**What to produce:** The answer is the full listing restated exactly, without any pictures.

**Records supplied:**
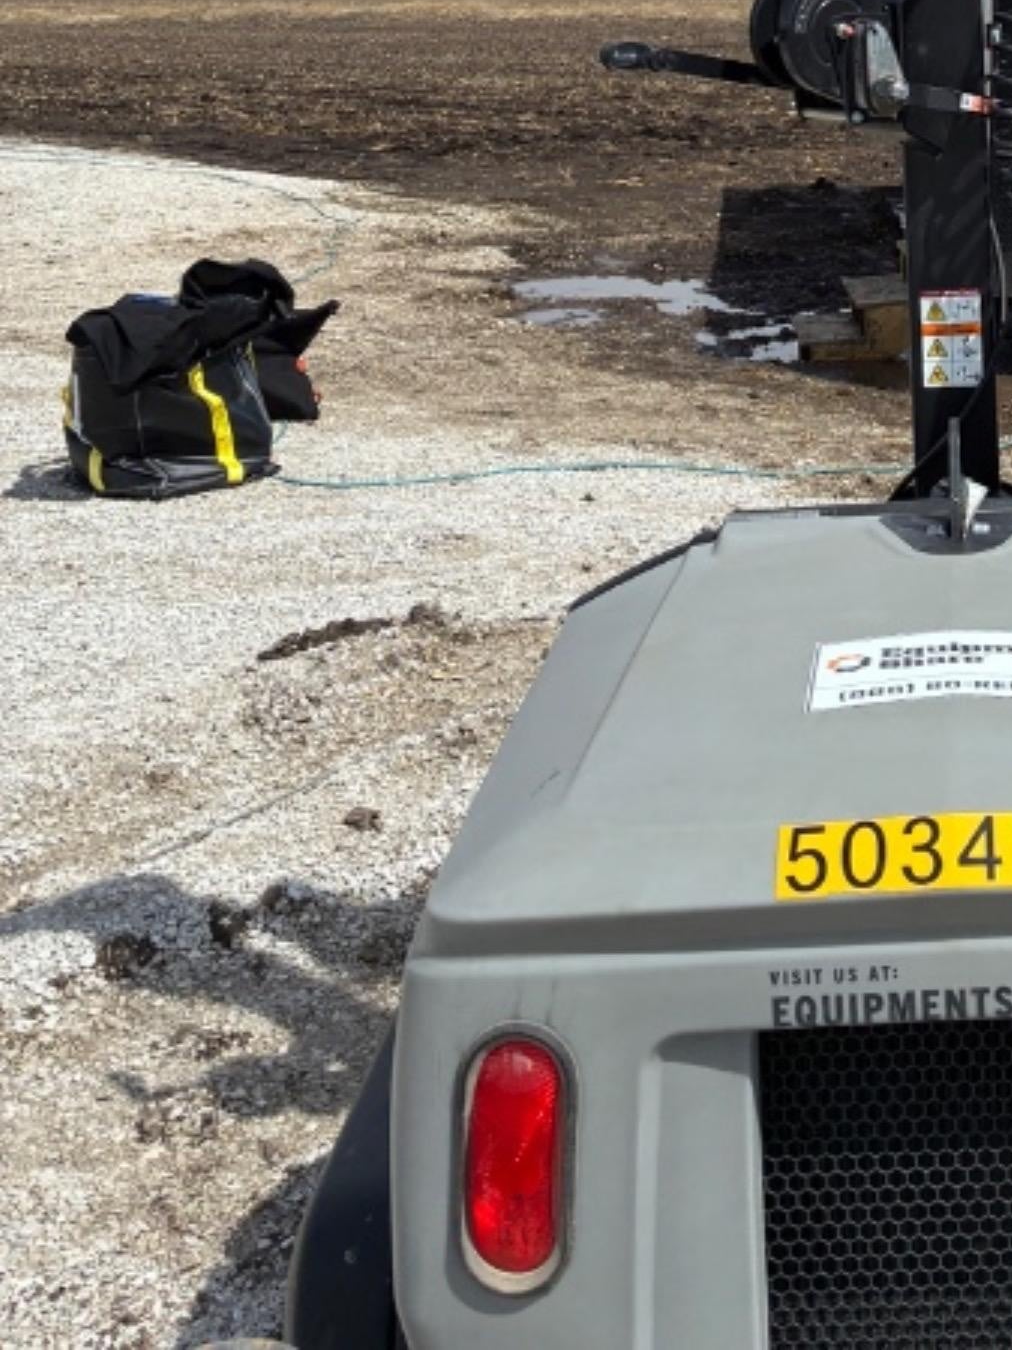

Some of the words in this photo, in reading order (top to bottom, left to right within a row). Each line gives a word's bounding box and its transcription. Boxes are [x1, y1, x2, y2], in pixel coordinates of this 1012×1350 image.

[769, 969, 823, 986] VISIT
[833, 967, 858, 983] US
[868, 965, 899, 982] AT:
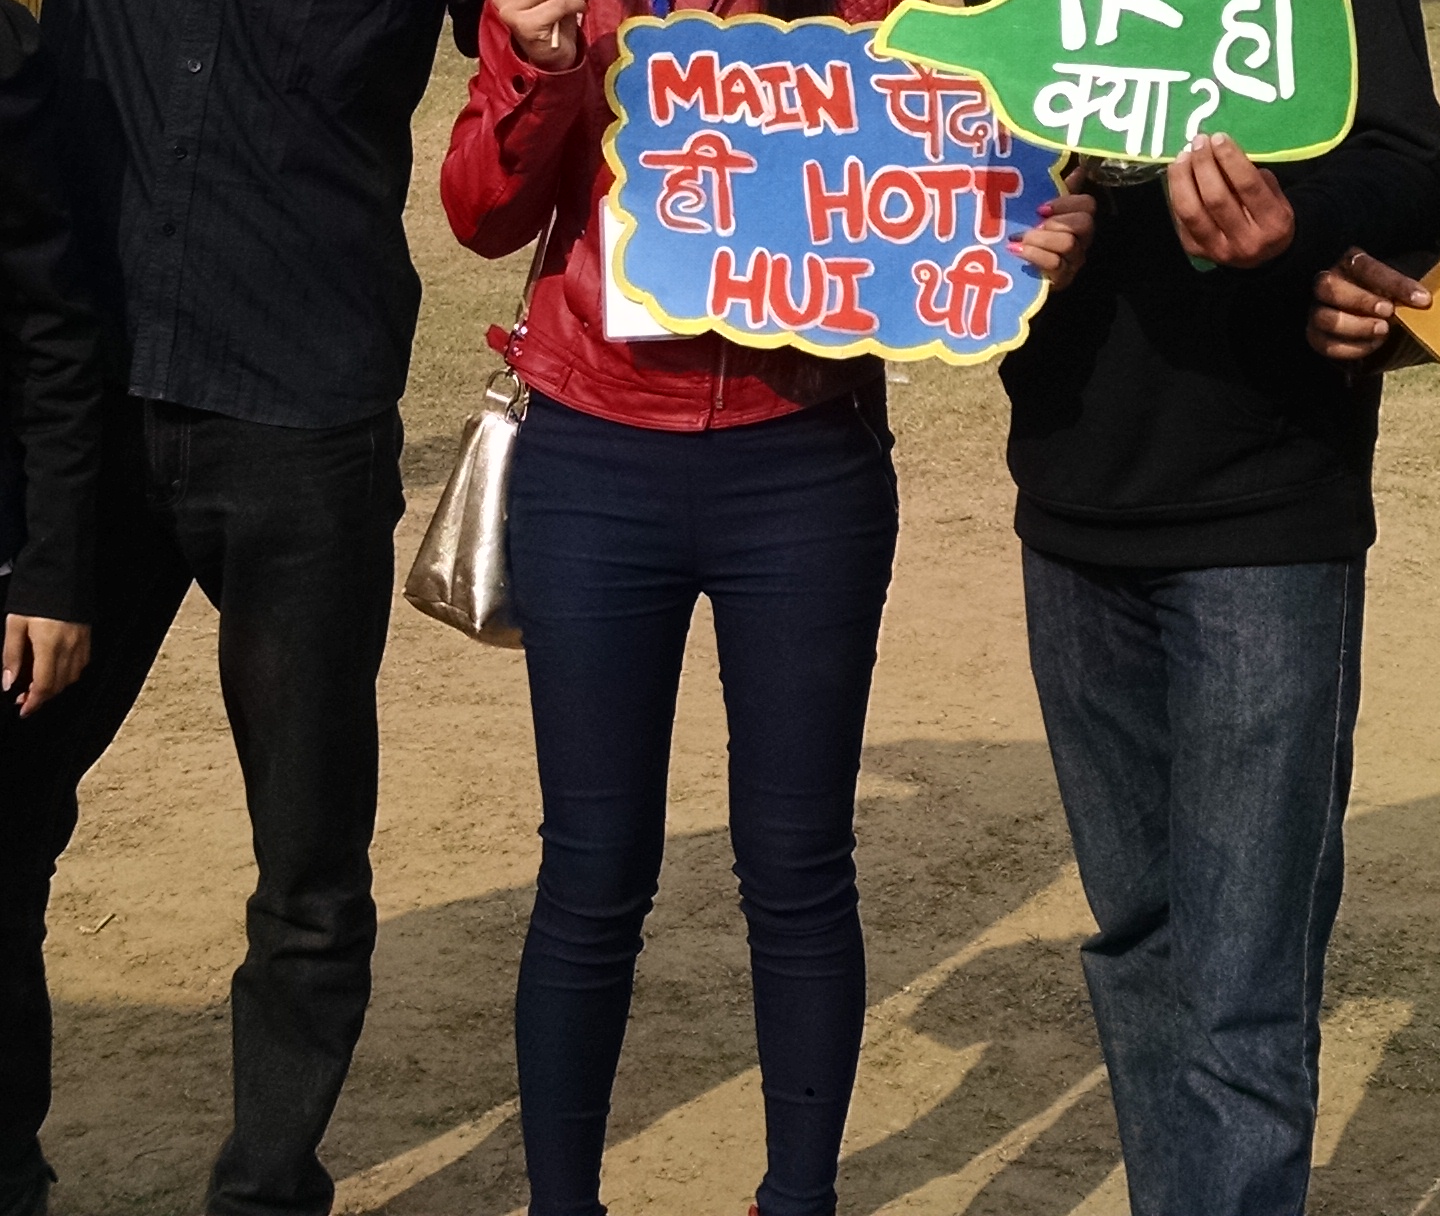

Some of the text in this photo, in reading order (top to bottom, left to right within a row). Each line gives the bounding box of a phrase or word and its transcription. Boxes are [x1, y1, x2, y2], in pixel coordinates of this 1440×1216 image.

[646, 50, 859, 137] MAIN
[639, 129, 1024, 246] ही HOTT
[706, 245, 880, 334] HUI

**Solution for this task:**
Some of the words in this photo, in reading order (top to bottom, left to right within a row). Each line gives a word's bounding box and its transcription. Boxes are [x1, y1, x2, y2], in pixel coordinates of this 1012×1350 image.

[769, 969, 823, 986] VISIT
[833, 967, 858, 983] US
[868, 965, 899, 982] AT:

Some of the text in this photo, in reading order (top to bottom, left to right within a row). Each line gives the bounding box of a phrase or word and its transcription. Boxes are [x1, y1, x2, y2], in pixel coordinates of this 1440×1216 image.

[646, 50, 859, 137] MAIN
[639, 129, 1024, 246] ही HOTT
[706, 245, 880, 334] HUI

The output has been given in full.